## TASK TO COMPLETE:
Every entry below must be retyped exactly, and the pictures must be left out.

Top of INPUT

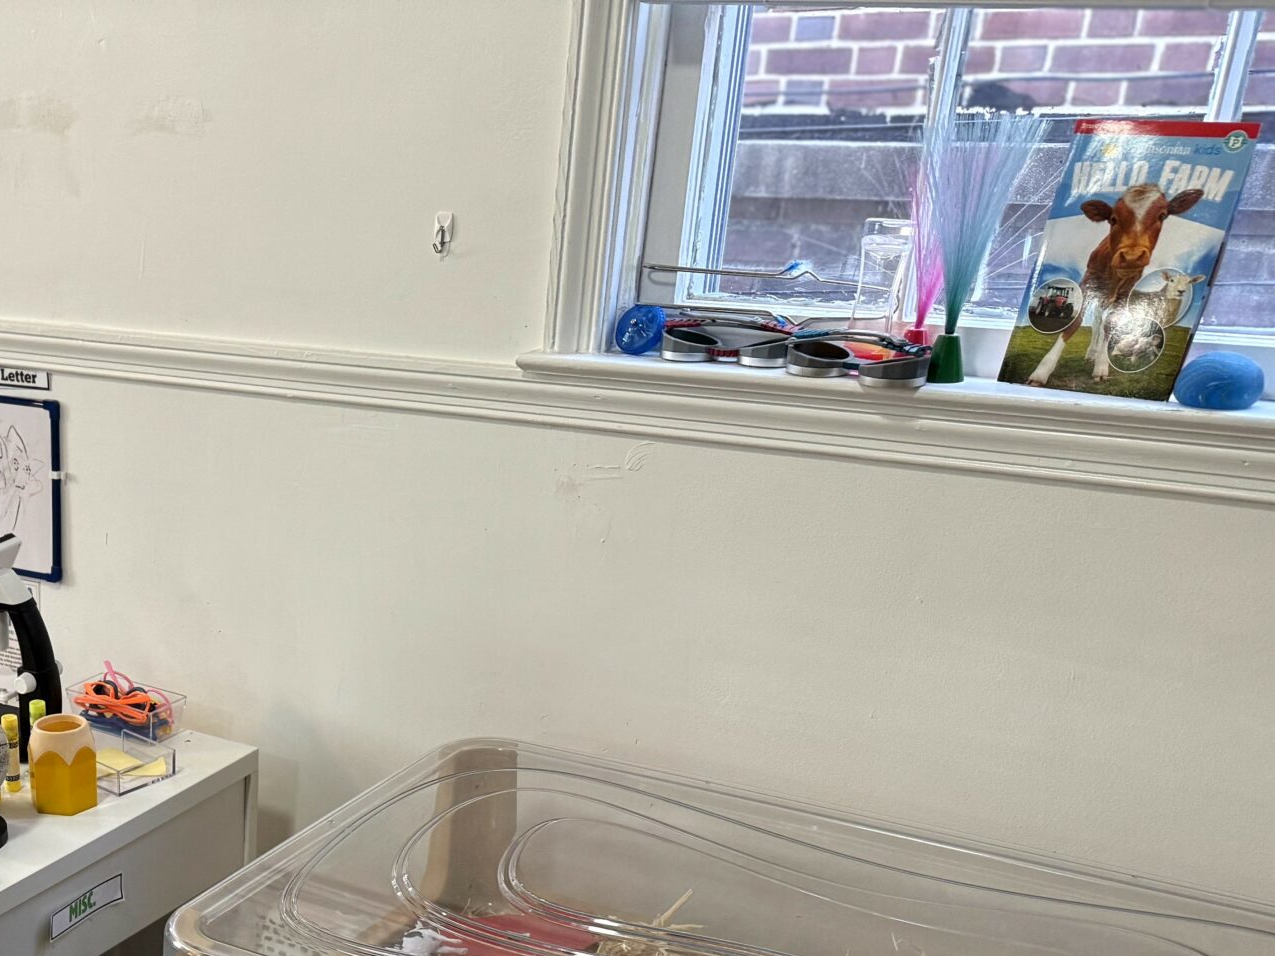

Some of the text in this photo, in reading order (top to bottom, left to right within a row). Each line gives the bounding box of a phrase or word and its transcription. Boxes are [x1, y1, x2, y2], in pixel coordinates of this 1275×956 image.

[1193, 143, 1224, 156] kids
[1070, 160, 1236, 203] HELLO FARM
[0, 368, 37, 384] Letter
[68, 891, 96, 922] MISC.

Bottom of INPUT

## RESPONSE FOR THIS EXERCISE:
Some of the text in this photo, in reading order (top to bottom, left to right within a row). Each line gives the bounding box of a phrase or word and its transcription. Boxes are [x1, y1, x2, y2], in pixel coordinates of this 1275×956 image.

[1193, 143, 1224, 156] kids
[1070, 160, 1236, 203] HELLO FARM
[0, 368, 37, 384] Letter
[68, 891, 96, 922] MISC.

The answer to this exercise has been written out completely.